* [DATA FOR ANALYSIS]:
+-------+

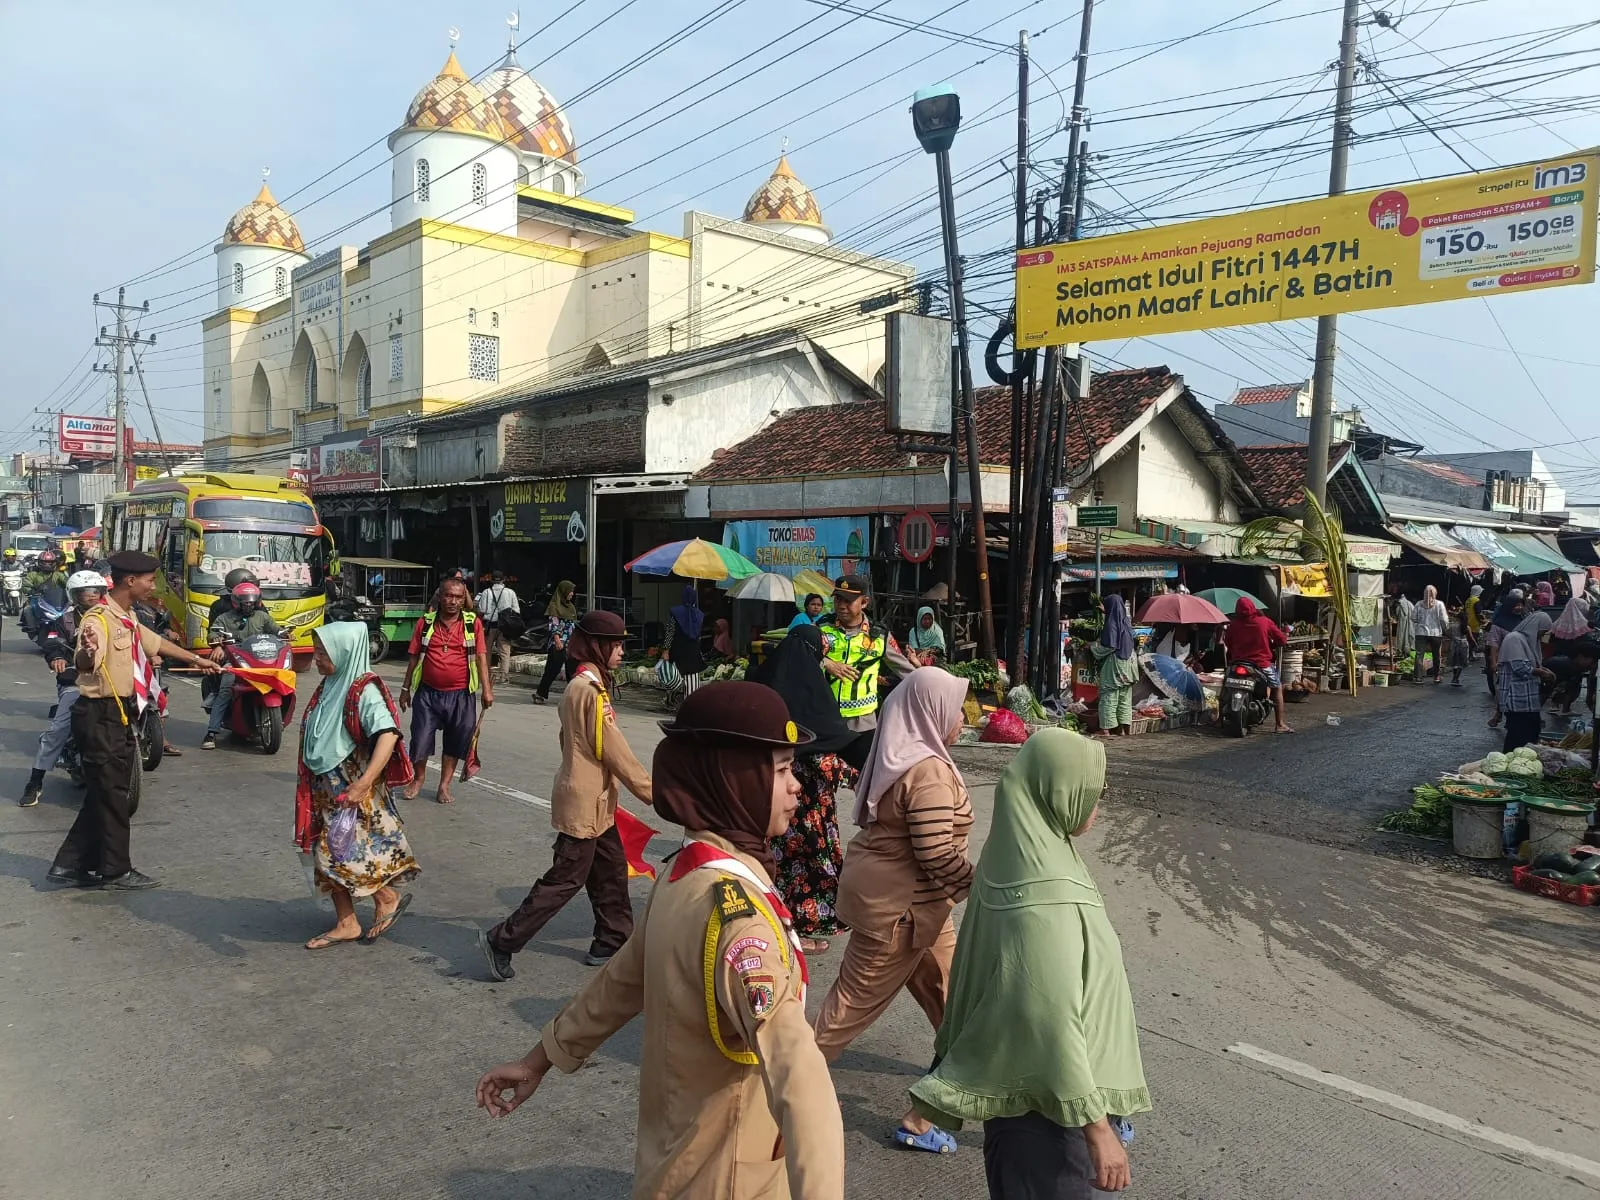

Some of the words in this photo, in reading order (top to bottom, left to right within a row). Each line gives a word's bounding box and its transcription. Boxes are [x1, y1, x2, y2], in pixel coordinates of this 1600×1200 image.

[1478, 181, 1513, 194] Simpel
[1515, 178, 1529, 188] itu
[1555, 193, 1580, 203] Baru!
[1428, 216, 1451, 225] Paket
[1452, 209, 1492, 220] Ramadan
[1493, 200, 1542, 214] SATSPAM+
[1508, 219, 1549, 243] 150
[1550, 215, 1575, 229] GB
[1057, 265, 1076, 274] IM3
[1079, 255, 1138, 272] SATSPAM+
[1141, 245, 1197, 262] Amankan
[1201, 235, 1253, 253] Pejuang
[1256, 225, 1321, 243] Ramadan
[1426, 237, 1435, 245] Rp
[1437, 231, 1485, 257] 150
[1056, 269, 1152, 301] Selamat
[1159, 260, 1203, 287] Idul
[1212, 251, 1264, 280] Fitri
[1271, 238, 1360, 272] 1447H
[1473, 280, 1486, 288] Beli
[1505, 275, 1527, 283] Outlet
[1056, 303, 1131, 328] Mohon
[1138, 289, 1203, 317] Maaf
[1211, 281, 1280, 309] Lahir
[1286, 276, 1305, 299] &
[1314, 265, 1393, 296] Batin
[67, 419, 116, 432] Alfamar
[505, 483, 532, 505] DIANA
[534, 481, 567, 504] SILVER
[769, 527, 791, 542] TOKO
[792, 527, 816, 542] EMAS
[755, 545, 828, 566] SEMANGKA
[730, 939, 764, 958] BREBES
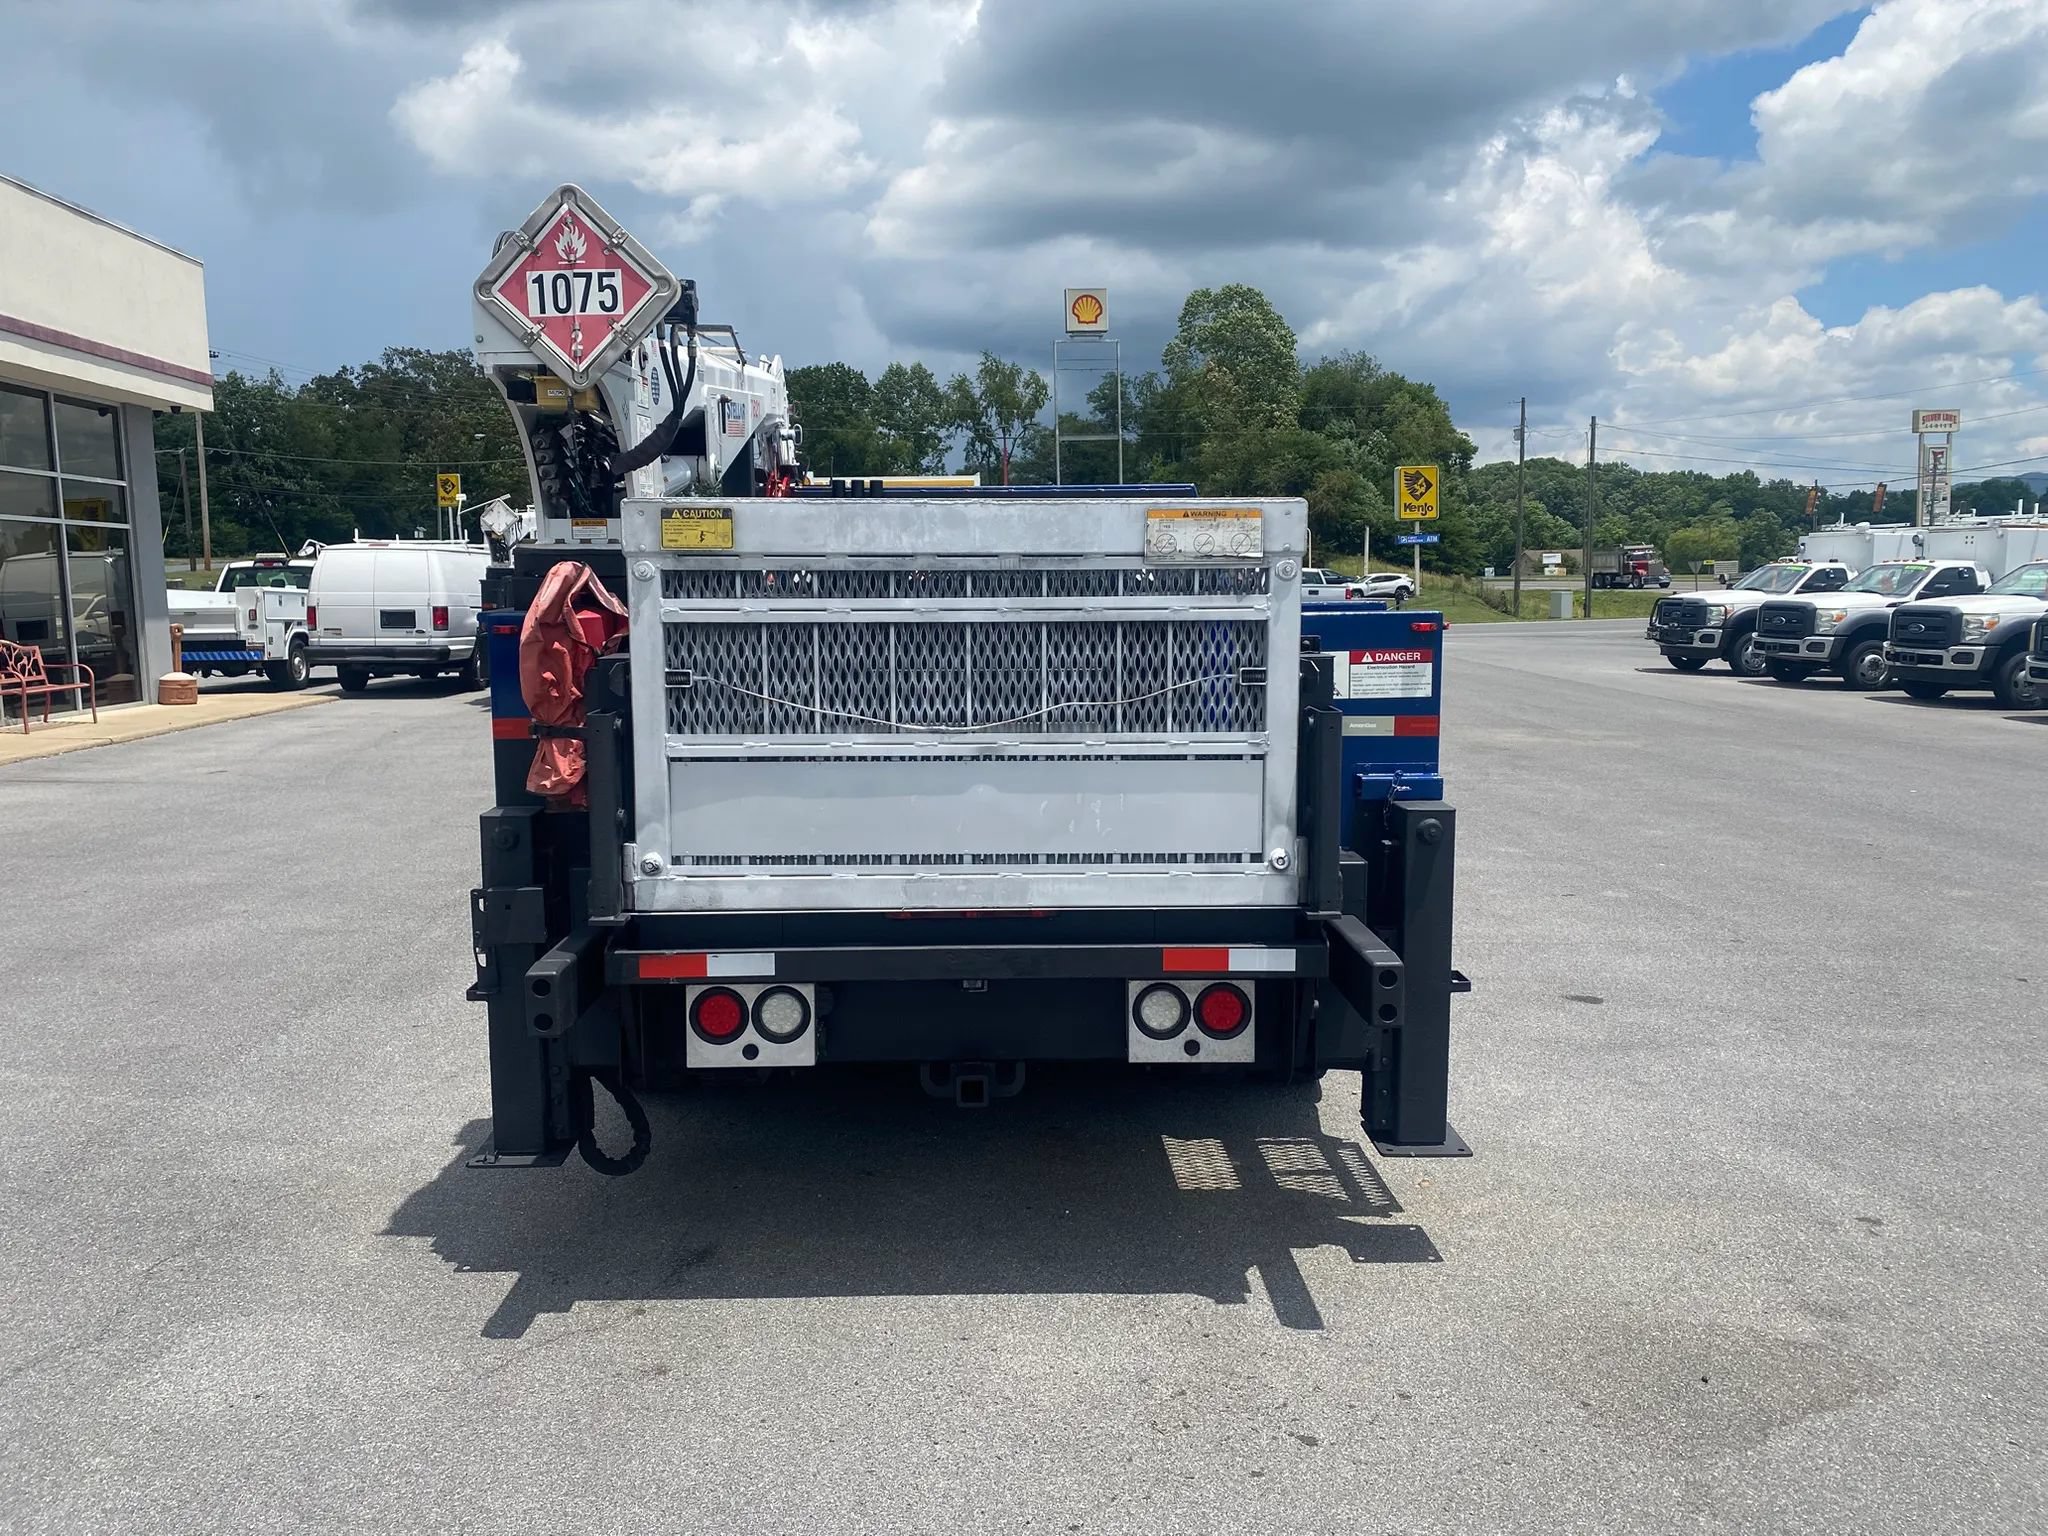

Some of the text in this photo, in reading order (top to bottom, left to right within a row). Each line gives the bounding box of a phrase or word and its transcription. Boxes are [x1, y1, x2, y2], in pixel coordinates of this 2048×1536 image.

[531, 271, 619, 315] 1075
[682, 509, 723, 519] CAUTION
[1375, 652, 1421, 662] DANGER
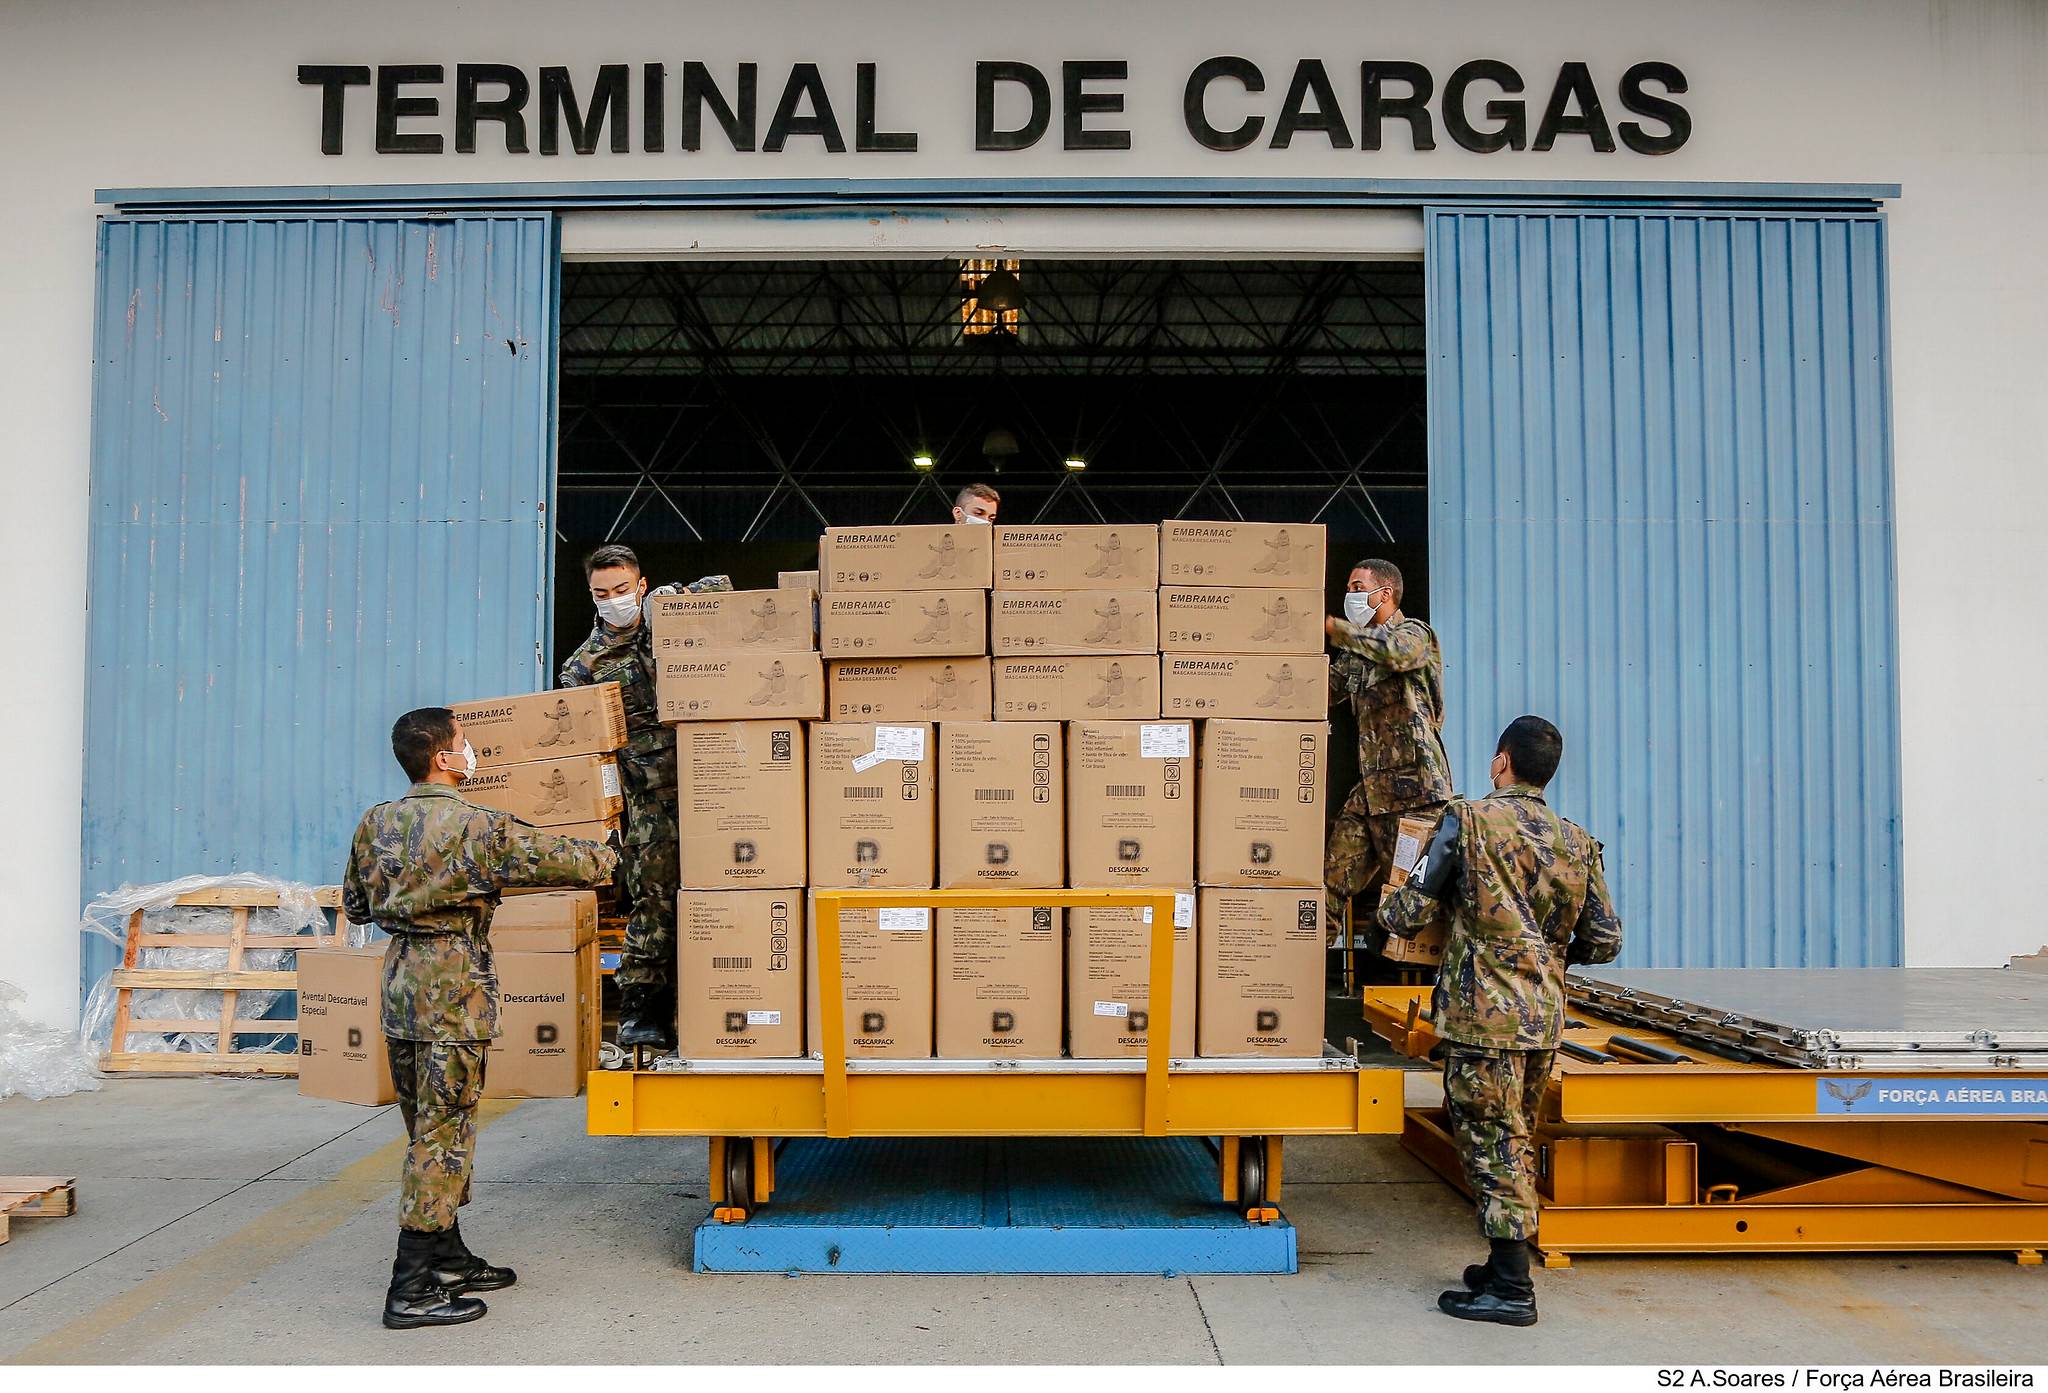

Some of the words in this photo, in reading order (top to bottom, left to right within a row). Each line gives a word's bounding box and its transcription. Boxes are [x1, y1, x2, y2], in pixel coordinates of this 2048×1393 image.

+-------+

* [PROMPT]:
Copy out the lines above in full and unaltered, apart from the pictures.

* [TASK SOLUTION]:
Some of the words in this photo, in reading order (top to bottom, left to right within a row). Each line gives a word's bounding box and its transcription. Boxes are [x1, y1, x2, y2], in pixel coordinates of this 1600×1200 image.

[1478, 181, 1513, 194] Simpel
[1515, 178, 1529, 188] itu
[1555, 193, 1580, 203] Baru!
[1428, 216, 1451, 225] Paket
[1452, 209, 1492, 220] Ramadan
[1493, 200, 1542, 214] SATSPAM+
[1508, 219, 1549, 243] 150
[1550, 215, 1575, 229] GB
[1057, 265, 1076, 274] IM3
[1079, 255, 1138, 272] SATSPAM+
[1141, 245, 1197, 262] Amankan
[1201, 235, 1253, 253] Pejuang
[1256, 225, 1321, 243] Ramadan
[1426, 237, 1435, 245] Rp
[1437, 231, 1485, 257] 150
[1056, 269, 1152, 301] Selamat
[1159, 260, 1203, 287] Idul
[1212, 251, 1264, 280] Fitri
[1271, 238, 1360, 272] 1447H
[1473, 280, 1486, 288] Beli
[1505, 275, 1527, 283] Outlet
[1056, 303, 1131, 328] Mohon
[1138, 289, 1203, 317] Maaf
[1211, 281, 1280, 309] Lahir
[1286, 276, 1305, 299] &
[1314, 265, 1393, 296] Batin
[67, 419, 116, 432] Alfamar
[505, 483, 532, 505] DIANA
[534, 481, 567, 504] SILVER
[769, 527, 791, 542] TOKO
[792, 527, 816, 542] EMAS
[755, 545, 828, 566] SEMANGKA
[730, 939, 764, 958] BREBES

Some of the text in this photo, in reading order (top to bottom, left to right within a row). Each line gives the bounding box of a phrase or word and its transcription. Boxes are [x1, y1, x2, y2], in pixel coordinates of this 2048×1536 image.

[531, 271, 619, 315] 1075
[682, 509, 723, 519] CAUTION
[1375, 652, 1421, 662] DANGER

Some of the words in this photo, in reading order (top to bottom, left to right within a row). Each line gives a word's bounding box and its transcription. Boxes are [x1, y1, x2, y2], in pixel coordinates of this 2048×1393 image.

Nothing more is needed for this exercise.